**What needs to be done**
Copy all records exactly; omit pictures.

┌──

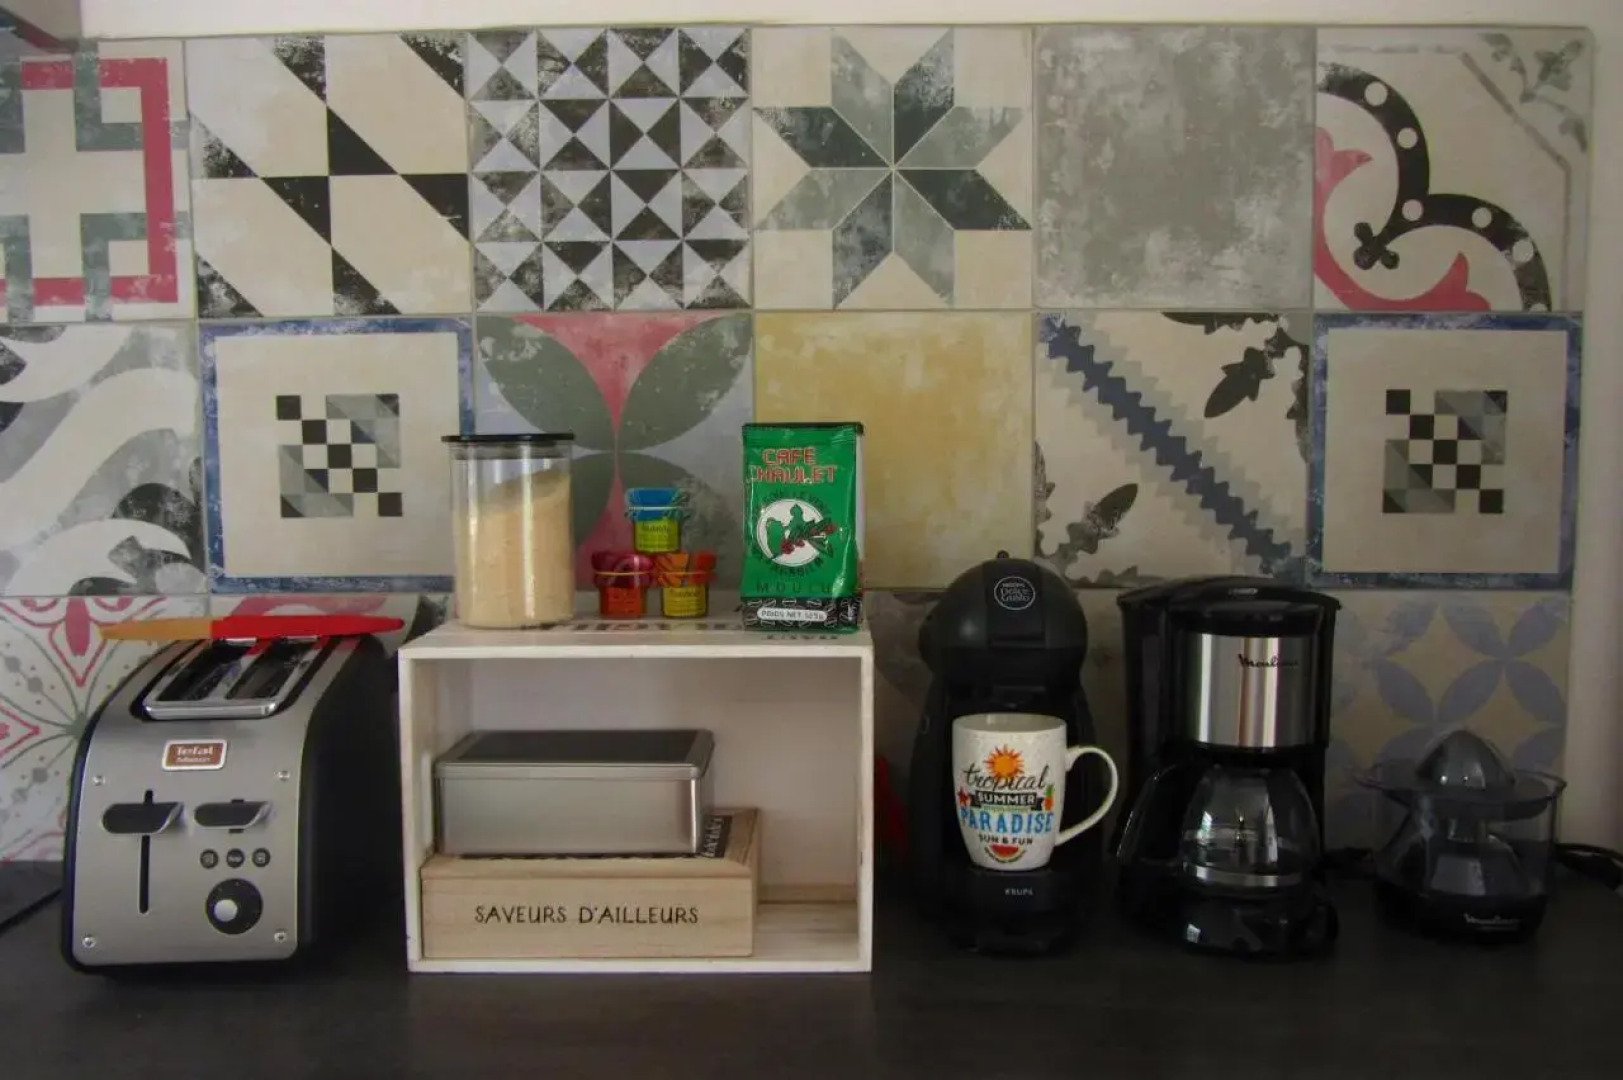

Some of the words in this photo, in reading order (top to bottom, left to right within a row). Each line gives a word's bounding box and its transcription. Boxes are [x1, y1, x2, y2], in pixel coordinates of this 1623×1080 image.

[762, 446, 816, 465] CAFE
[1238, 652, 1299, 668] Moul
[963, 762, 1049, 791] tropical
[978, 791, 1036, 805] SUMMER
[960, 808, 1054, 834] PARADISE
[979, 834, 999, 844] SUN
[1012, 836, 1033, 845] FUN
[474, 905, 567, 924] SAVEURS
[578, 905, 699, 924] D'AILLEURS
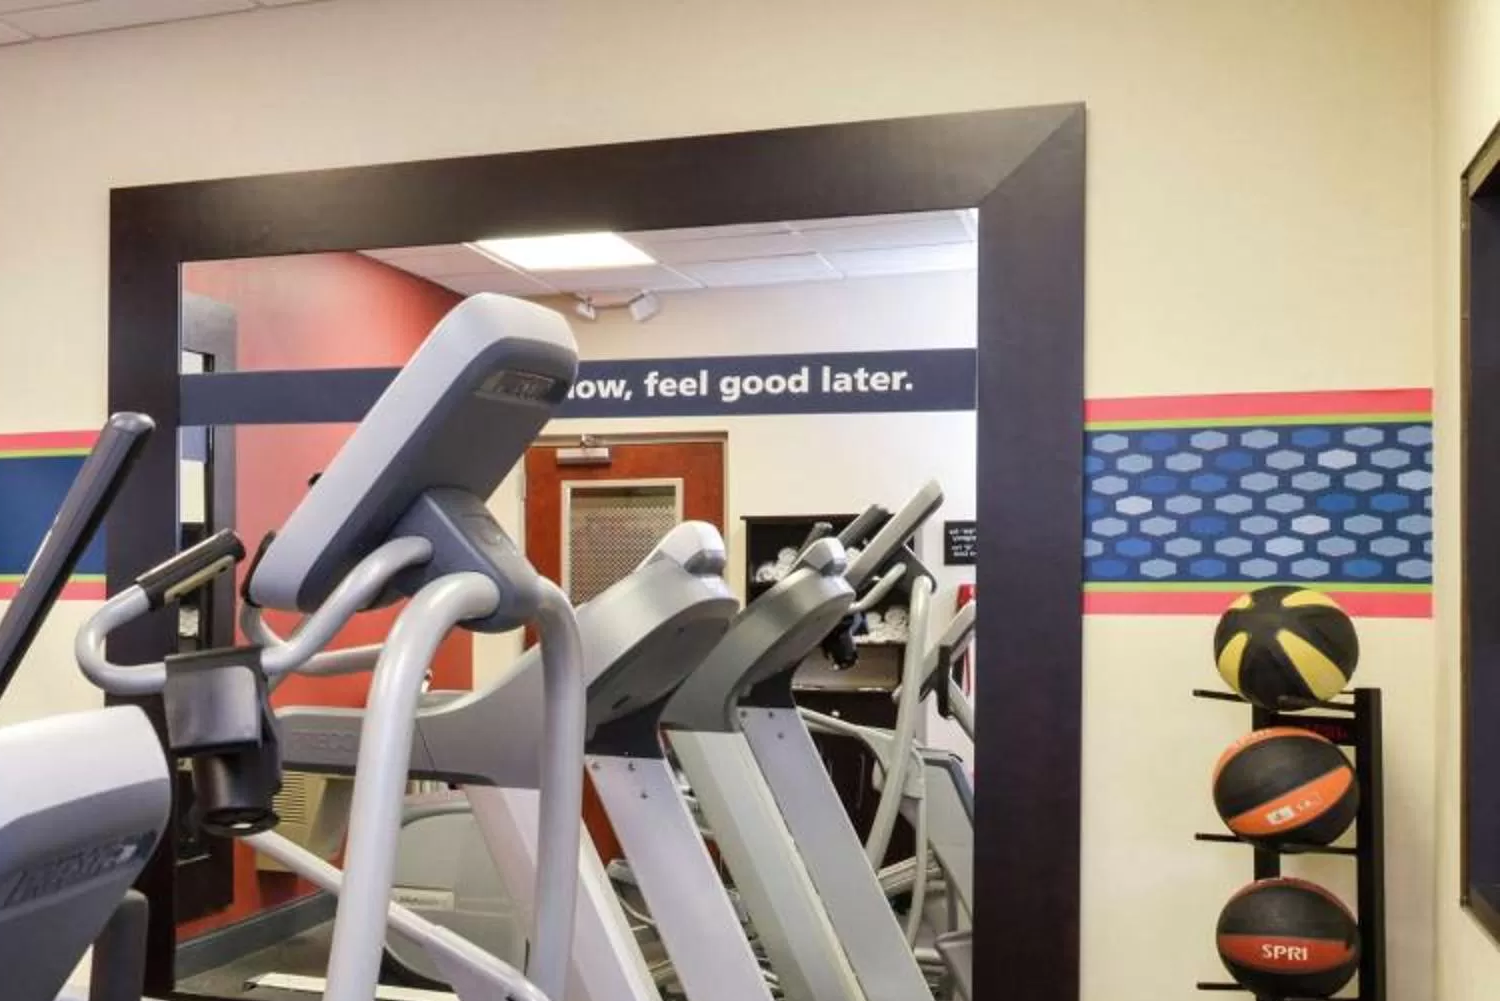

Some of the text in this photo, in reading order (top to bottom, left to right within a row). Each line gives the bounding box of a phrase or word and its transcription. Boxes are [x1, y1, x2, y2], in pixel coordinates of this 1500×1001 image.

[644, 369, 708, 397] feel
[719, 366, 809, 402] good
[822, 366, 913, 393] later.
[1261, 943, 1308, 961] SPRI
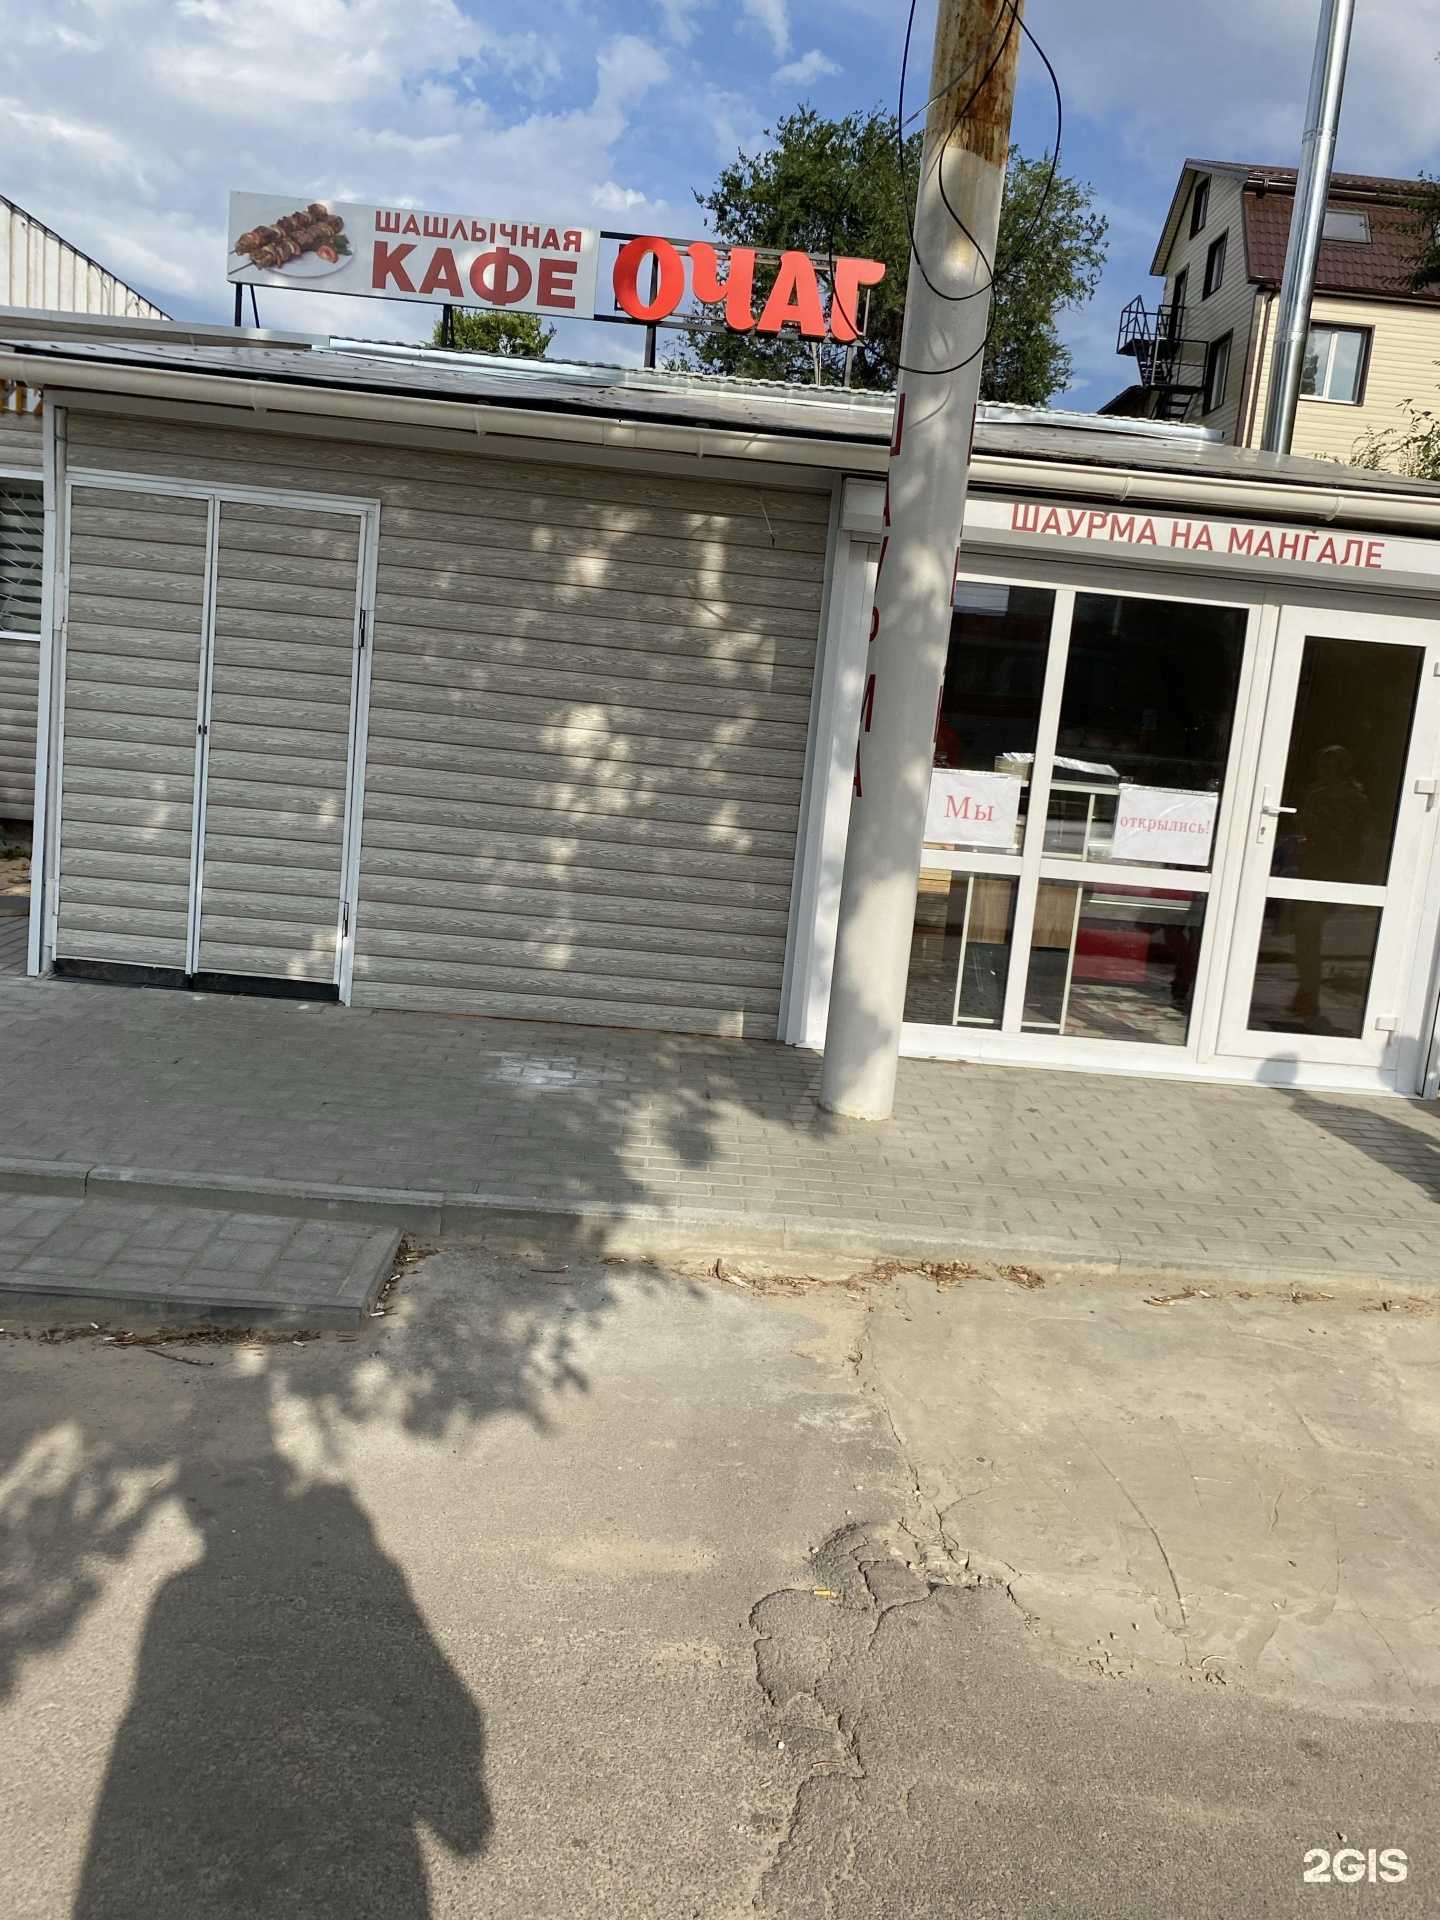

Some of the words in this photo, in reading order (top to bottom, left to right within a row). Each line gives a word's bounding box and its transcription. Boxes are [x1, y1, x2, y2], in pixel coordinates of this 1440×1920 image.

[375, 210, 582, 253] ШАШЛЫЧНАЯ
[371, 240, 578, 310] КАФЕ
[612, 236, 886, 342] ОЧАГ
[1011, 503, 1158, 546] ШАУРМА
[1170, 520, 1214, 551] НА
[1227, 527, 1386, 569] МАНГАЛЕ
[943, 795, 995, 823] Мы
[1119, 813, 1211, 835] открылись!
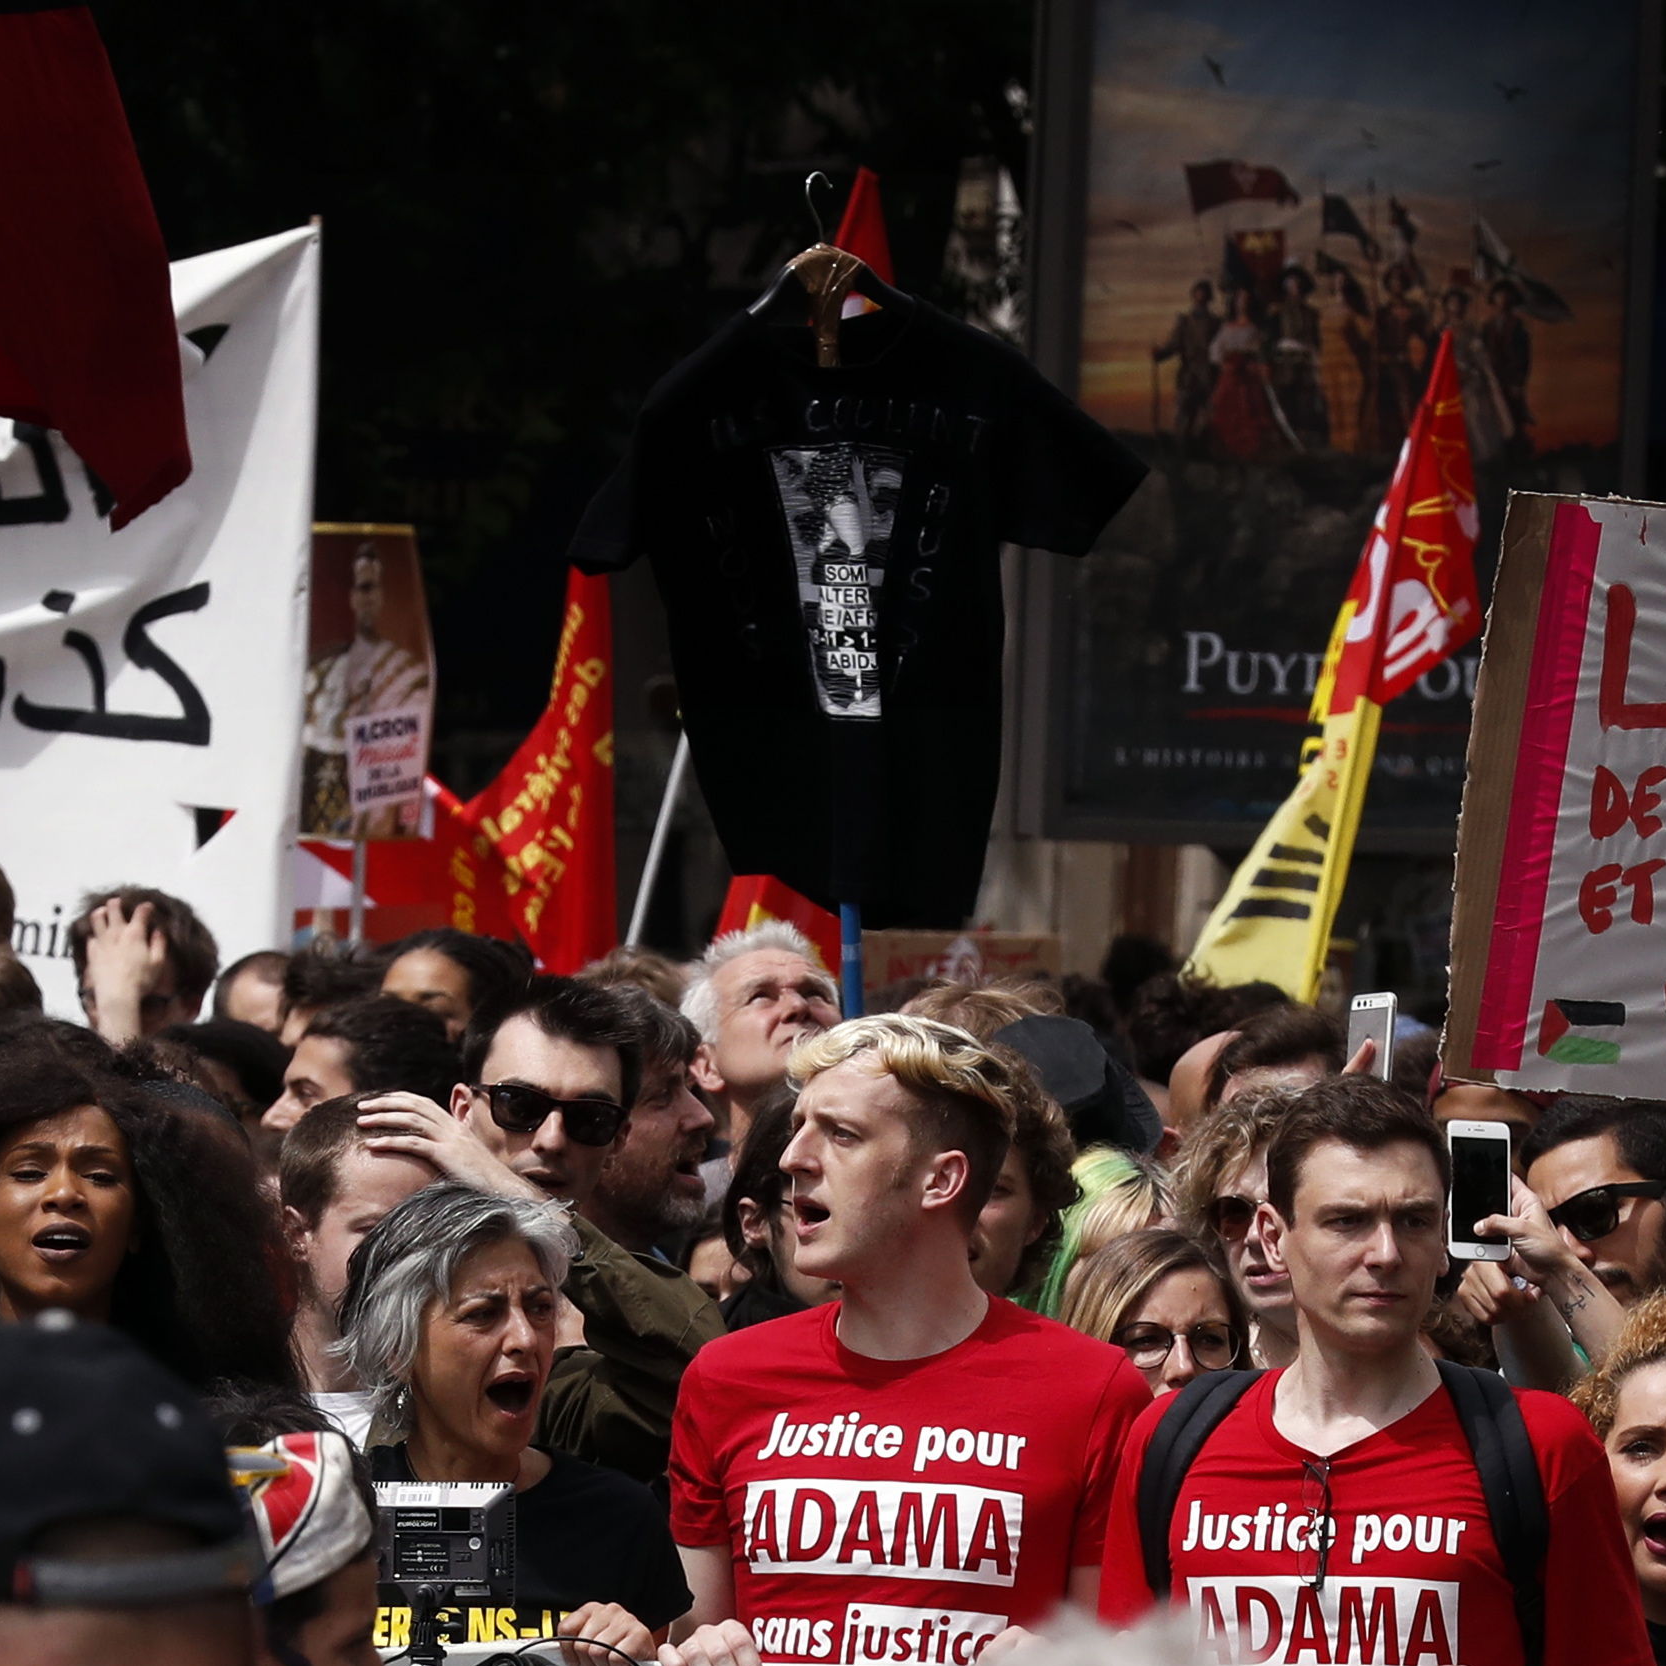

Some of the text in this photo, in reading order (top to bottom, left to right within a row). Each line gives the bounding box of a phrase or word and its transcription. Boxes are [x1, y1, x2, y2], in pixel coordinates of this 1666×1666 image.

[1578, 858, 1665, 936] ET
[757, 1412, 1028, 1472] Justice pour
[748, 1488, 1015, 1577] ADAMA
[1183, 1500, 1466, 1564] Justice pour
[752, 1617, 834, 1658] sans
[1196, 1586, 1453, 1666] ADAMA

└──

**Result below**
Some of the words in this photo, in reading order (top to bottom, left to right within a row). Each line gives a word's bounding box and its transcription. Boxes are [x1, y1, x2, y2], in pixel coordinates of this 1623×1080 image.

[762, 446, 816, 465] CAFE
[1238, 652, 1299, 668] Moul
[963, 762, 1049, 791] tropical
[978, 791, 1036, 805] SUMMER
[960, 808, 1054, 834] PARADISE
[979, 834, 999, 844] SUN
[1012, 836, 1033, 845] FUN
[474, 905, 567, 924] SAVEURS
[578, 905, 699, 924] D'AILLEURS

Some of the text in this photo, in reading order (top to bottom, left to right within a row). Each line gives the bounding box of a phrase or word and its transcription. Boxes are [x1, y1, x2, y2], in pixel coordinates of this 1500×1001 image.

[644, 369, 708, 397] feel
[719, 366, 809, 402] good
[822, 366, 913, 393] later.
[1261, 943, 1308, 961] SPRI

Some of the words in this photo, in reading order (top to bottom, left to right within a row). Each line gives a word's bounding box and its transcription. Boxes are [x1, y1, x2, y2], in pixel coordinates of this 1440×1920 image.

[375, 210, 582, 253] ШАШЛЫЧНАЯ
[371, 240, 578, 310] КАФЕ
[612, 236, 886, 342] ОЧАГ
[1011, 503, 1158, 546] ШАУРМА
[1170, 520, 1214, 551] НА
[1227, 527, 1386, 569] МАНГАЛЕ
[943, 795, 995, 823] Мы
[1119, 813, 1211, 835] открылись!

Some of the text in this photo, in reading order (top to bottom, left to right within a row). Each line gives the bounding box of a phrase or word and its transcription. Boxes are [x1, y1, x2, y2], in pixel coordinates of this 1666×1666 image.

[1578, 858, 1665, 936] ET
[757, 1412, 1028, 1472] Justice pour
[748, 1488, 1015, 1577] ADAMA
[1183, 1500, 1466, 1564] Justice pour
[752, 1617, 834, 1658] sans
[1196, 1586, 1453, 1666] ADAMA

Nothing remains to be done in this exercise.